▶ **Annotated photo localization data**
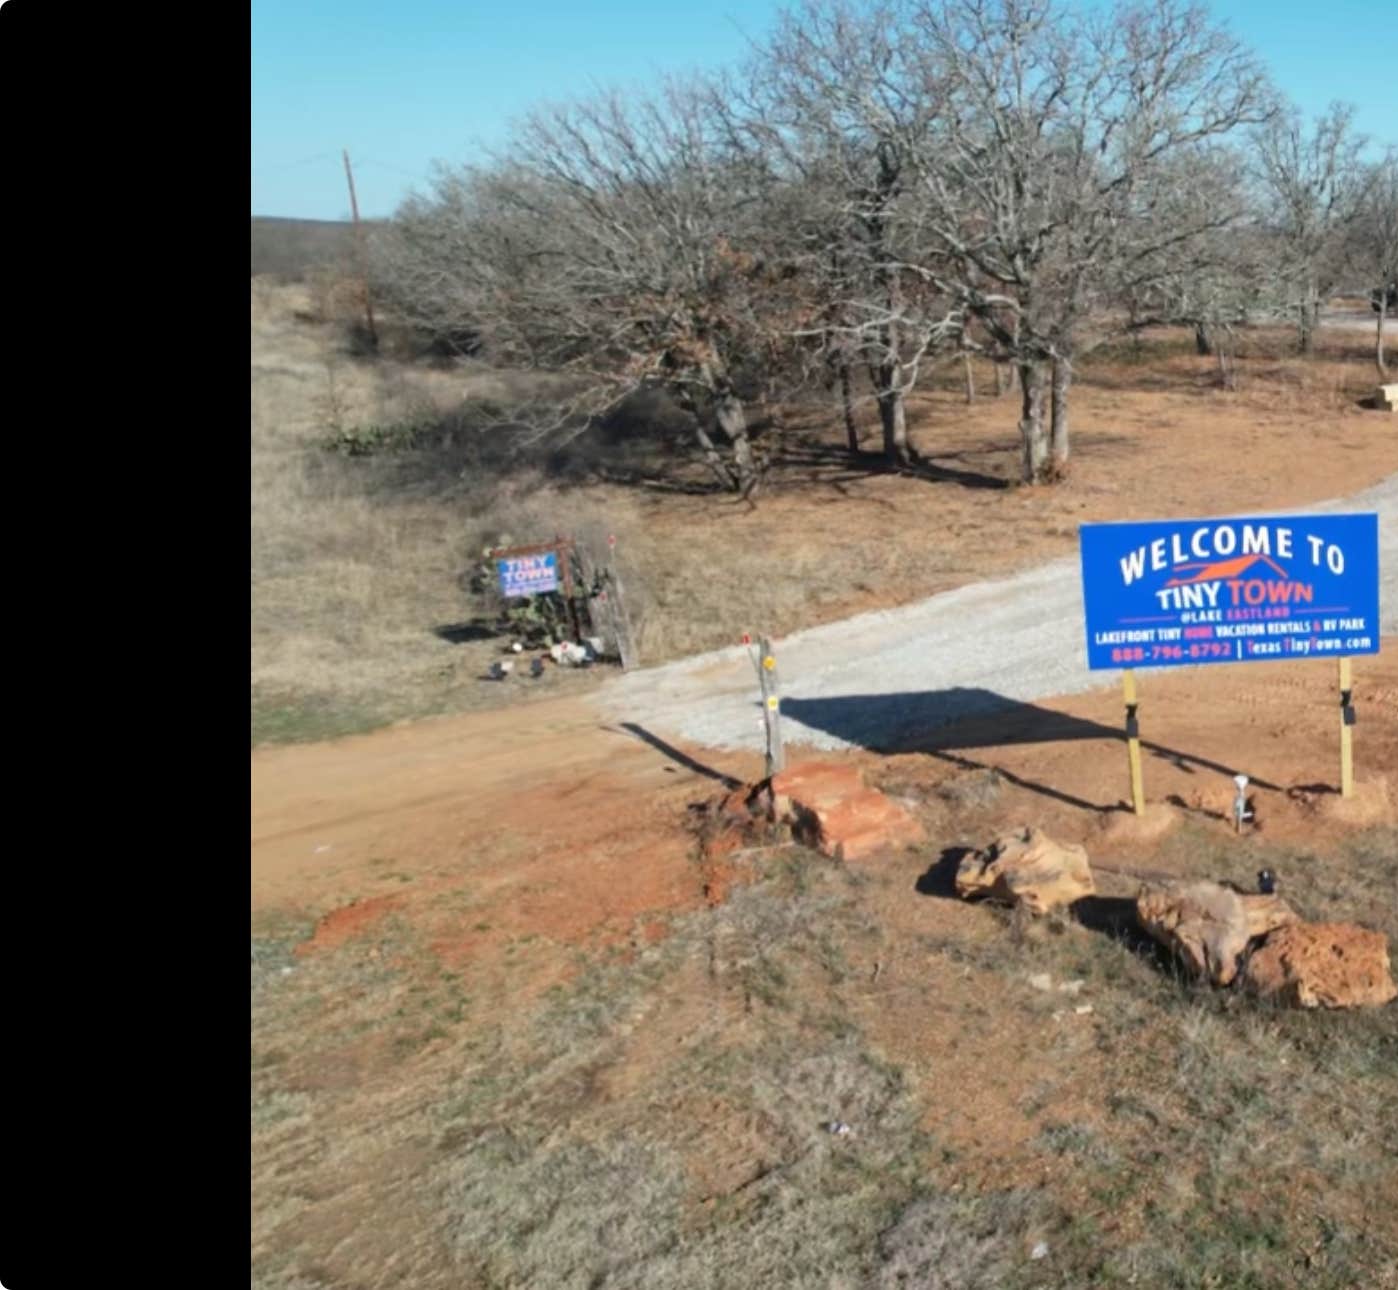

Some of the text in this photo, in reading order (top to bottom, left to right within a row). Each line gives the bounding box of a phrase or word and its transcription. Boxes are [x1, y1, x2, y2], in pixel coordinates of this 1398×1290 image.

[507, 557, 546, 572] TINY
[1120, 525, 1345, 586] WELCOME TO
[502, 569, 555, 582] TOWN
[1156, 579, 1313, 610] TINY TOWN
[1180, 607, 1290, 623] @LAKE EASTLAND
[1096, 629, 1155, 645] LAKEFRONT
[1158, 627, 1181, 641] TINY
[1216, 623, 1265, 638] VACATION
[1267, 621, 1310, 635] RENTALS
[1323, 620, 1337, 632] RV
[1339, 618, 1365, 631] PARK
[1112, 642, 1231, 662] 888-796-8792

▶ **Task objective**
If an entry above holds a picture, leave that picture out and print the rest exactly.

▶ **Solution to this exercise**
Some of the text in this photo, in reading order (top to bottom, left to right within a row). Each line gives the bounding box of a phrase or word and its transcription. Boxes are [x1, y1, x2, y2], in pixel coordinates of this 1398×1290 image.

[507, 557, 546, 572] TINY
[1120, 525, 1345, 586] WELCOME TO
[502, 569, 555, 582] TOWN
[1156, 579, 1313, 610] TINY TOWN
[1180, 607, 1290, 623] @LAKE EASTLAND
[1096, 629, 1155, 645] LAKEFRONT
[1158, 627, 1181, 641] TINY
[1216, 623, 1265, 638] VACATION
[1267, 621, 1310, 635] RENTALS
[1323, 620, 1337, 632] RV
[1339, 618, 1365, 631] PARK
[1112, 642, 1231, 662] 888-796-8792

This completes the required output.